# What is wrong with my betta?



## taz81 (Jul 13, 2009)

He's got this bloated look going, like he's carrying a sack of who knows what just at his front lower fins. I don't remember seeing it before today, but I'm not the observant type so who knows. What I have noticed though is that he is acting more aggressive to the other fish, chasing them off and whatnot, no maiming though. Any ideas anyone?


----------



## amphirion (Nov 13, 2008)

check his appetite. is he eating well?
could be bloat. watch out for the pinecone effect.

the whole hyperaggressive thing might just be a phase characteristic and not necessarily related to the bloating.


----------



## taz81 (Jul 13, 2009)

Is "bloat" a disease or what? What do I do? I usually only feed once a day, when I turn on the lights, and he knows to come up for food...otherwise its sorta hard to get his attention...:\


----------



## Riverboa (Jun 26, 2007)

I used to keep a lot of bettas, from my experience it looks like your betta is constipated.
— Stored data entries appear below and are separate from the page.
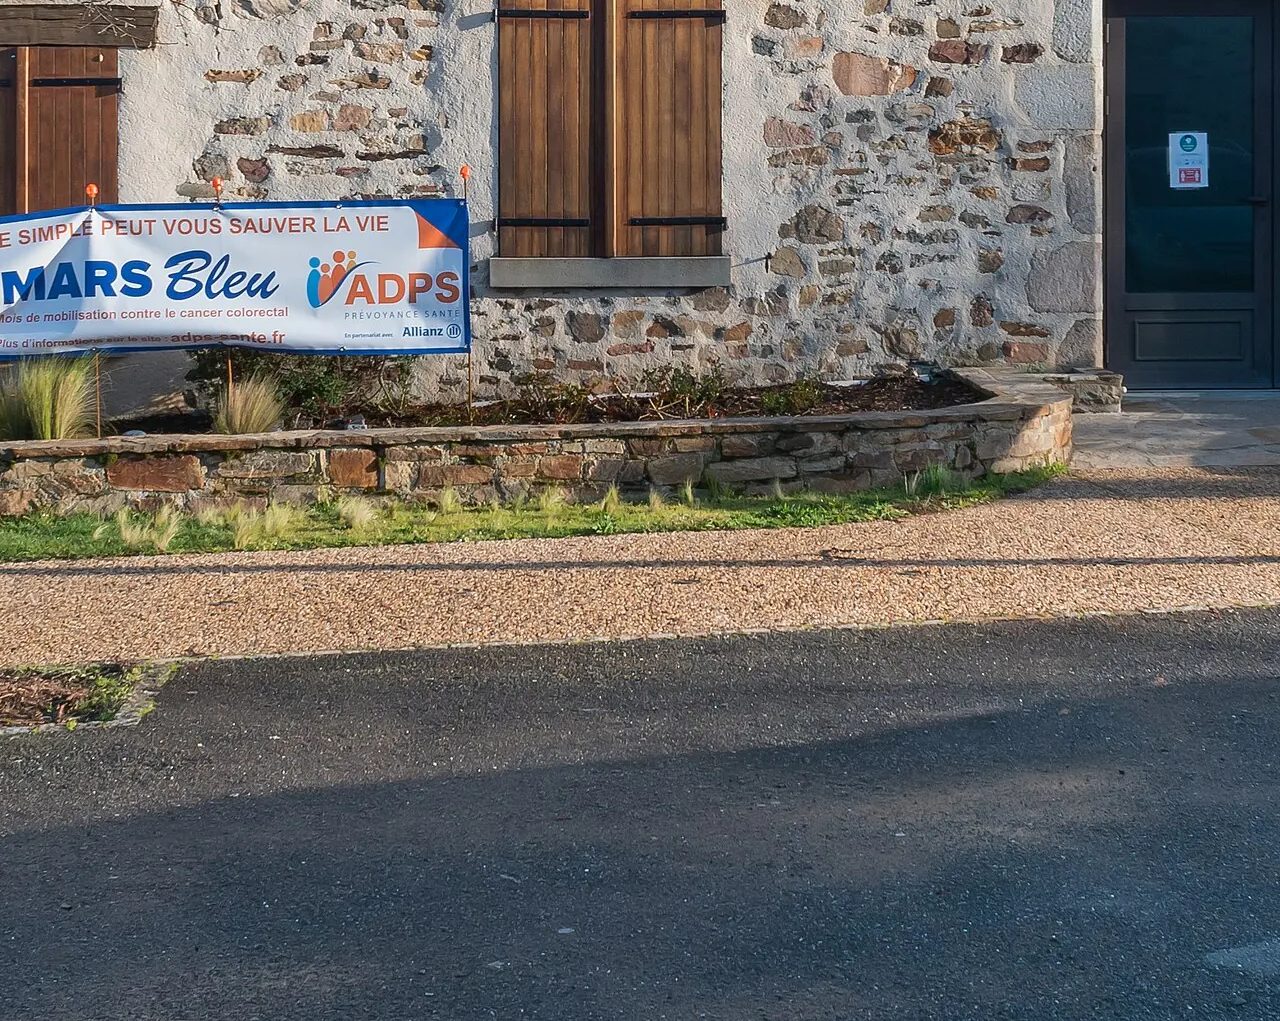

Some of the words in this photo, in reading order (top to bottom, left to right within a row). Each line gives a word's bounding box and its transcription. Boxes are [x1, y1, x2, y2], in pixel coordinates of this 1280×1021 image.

[18, 220, 93, 245] SIMPLE
[101, 219, 156, 236] PEUT
[163, 219, 222, 235] VOUS
[229, 217, 316, 234] SAUVER
[323, 216, 350, 232] LA
[356, 215, 389, 232] VIE
[1, 260, 153, 305] MARS
[164, 250, 279, 300] Bleu
[344, 272, 460, 305] ADPS
[26, 313, 39, 323] de
[43, 309, 116, 322] mobilisation
[121, 309, 161, 320] contre
[165, 308, 176, 318] le
[180, 309, 223, 318] cancer
[226, 307, 289, 318] colorectal
[344, 309, 419, 320] PRÉVOYANCE
[425, 308, 460, 318] SANTÉ
[402, 326, 443, 337] Allianz
Constipation itself is not a disease, however as indicated by amphirion, if not treated it could lead to other diseases that are deadly.

Treatment is relatively simple, stop feeding the food that you have been giving the betta. Boiled some pea (remove the shell) and feed this to the betta - this should help with the constipation. Keep this up until the bloating disappear.
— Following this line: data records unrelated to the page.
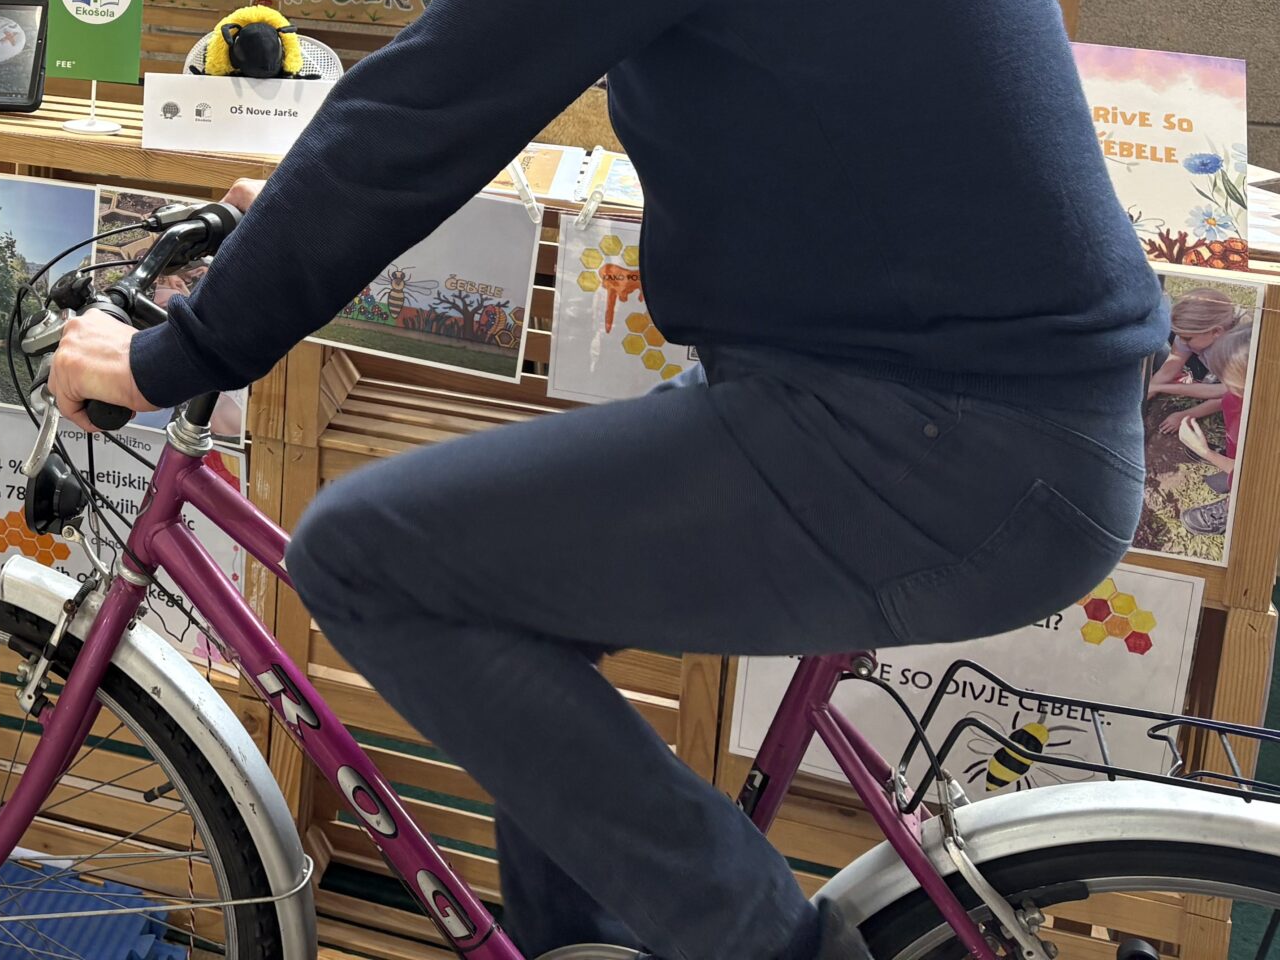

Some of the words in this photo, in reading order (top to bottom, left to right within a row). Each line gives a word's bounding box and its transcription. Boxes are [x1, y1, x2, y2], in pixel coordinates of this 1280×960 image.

[74, 6, 116, 19] Ekošola
[229, 104, 244, 116] OŠ
[246, 106, 272, 117] Nove
[273, 107, 299, 119] Jarše
[1092, 105, 1153, 129] RIVE
[1161, 112, 1194, 134] SO
[443, 273, 505, 299] ČEBELE
[8, 458, 26, 474] %
[5, 485, 27, 501] 78
[899, 667, 933, 690] SO
[944, 677, 1010, 708] DIVJE
Here are some sites that have more information. 
http://www.petfish.net/articles/Bettas/constipation.php
http://bettysplendens.com/articles/page.imp?articleid=930

Good luck and keep us updated on your betta.


----------



## taz81 (Jul 13, 2009)

Well I fed my tank some bloodworms a few hours before I noticed the bloating issue. But I didn't seem him eat any of them except maybe one. The rainbows kinda did their spazzy thing and zoomed all over the tank to eat them up, until I added some while their backs were turned and most made it down. But even then the betta only half looked at them, and went after maybe one. Today he is looking a litle better i think...that or its just me being hopeful.


----------



## mayanjungledog (May 25, 2009)

Hi taz81,
I had a similar situation with a 3+ year old female betta a few months ago. She all of a sudden appeared really bloated and I thought she was constipated too. I restricted food for a few days, then started the pea thing for another few days. That didn't help. I started her on some antibiotics (prescribed by a veterinarian) - enrofloxacin injections and metronidazole in the water. A sample was obtained from her belly and submitted to a lab for analysis. The final diagnosis was ascites, or her belly was filled with fluid presumably from organ failure (liver and/or kidney). We were able to keep her alive and happy for about 3 weeks after the diagnosis by removing fluid from her belly 2-3 times per week.
I hope your guy is not as bad as my girl was. I would definitely try the pea method. I took a frozen pea, pealed the skin off and chopped the two halves into fourths. I ran it under hot water from the tap, then fed it by hand. Good luck.


----------



## jaidexl (Jan 20, 2007)

The problem with Bettas is the physiology and anatomy of their digestive system. Their entire gut is smashed up behind the gill plate the way a person with dwarfism has their rib cage packed up into their neck, it isn't hard to accidentally overfeed them and get this result. A good rule of thumb is to remember their stomach is the size of their eye, and they should get no more than that at feeding time, once a day. It's also a good idea to fast them one day a week, as in don't feed at all, and set one day a week strictly for blanched peas as Riverboa stated, they're like fish laxative. Aside from possibly helping the current situation, it can also help avoid it happening twice if it's a permanent part of his weekly diet. Some Bettas have a way of continuously becoming constipated no matter how hard you try and control it.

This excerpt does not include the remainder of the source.